Your objective
Could the data below be printed out exactly, with the pictures left out?
>>>
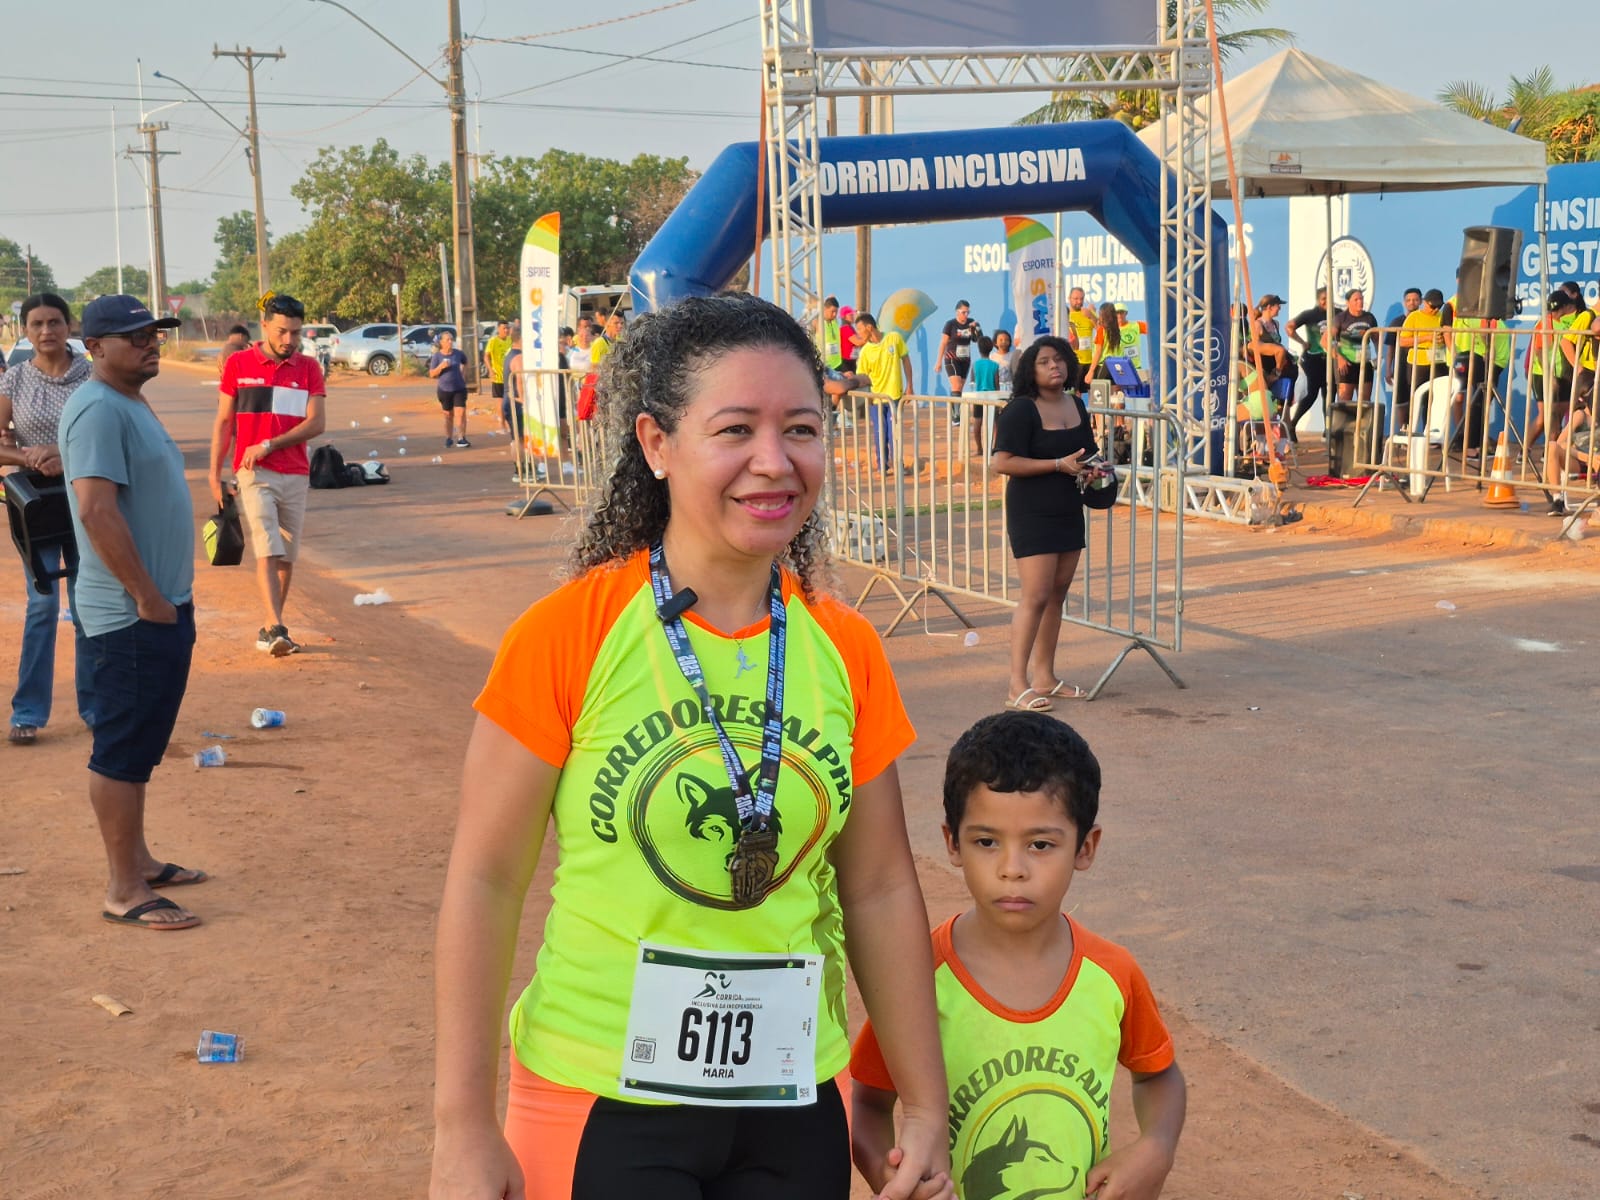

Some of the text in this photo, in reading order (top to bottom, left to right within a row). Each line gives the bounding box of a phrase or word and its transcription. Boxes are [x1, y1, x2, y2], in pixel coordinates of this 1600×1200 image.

[934, 148, 1086, 190] INCLUSIVA
[1534, 197, 1600, 233] ENSI
[965, 243, 1011, 272] ESCOL
[1078, 233, 1142, 266] MILITA
[677, 654, 701, 676] 2025
[589, 694, 851, 844] CORREDORES ALPHA
[735, 794, 754, 819] 2025
[755, 790, 774, 816] 2025
[716, 993, 742, 1001] CORRIDA
[677, 1007, 754, 1066] 6113
[702, 1067, 735, 1079] MARIA
<<<
Reply to the task
Some of the text in this photo, in reading order (top to bottom, left to right within a row). Each line gives the bounding box of a phrase or word and its transcription. Boxes are [x1, y1, x2, y2], in pixel coordinates of this 1600×1200 image.

[934, 148, 1086, 190] INCLUSIVA
[1534, 197, 1600, 233] ENSI
[965, 243, 1011, 272] ESCOL
[1078, 233, 1142, 266] MILITA
[677, 654, 701, 676] 2025
[589, 694, 851, 844] CORREDORES ALPHA
[735, 794, 754, 819] 2025
[755, 790, 774, 816] 2025
[716, 993, 742, 1001] CORRIDA
[677, 1007, 754, 1066] 6113
[702, 1067, 735, 1079] MARIA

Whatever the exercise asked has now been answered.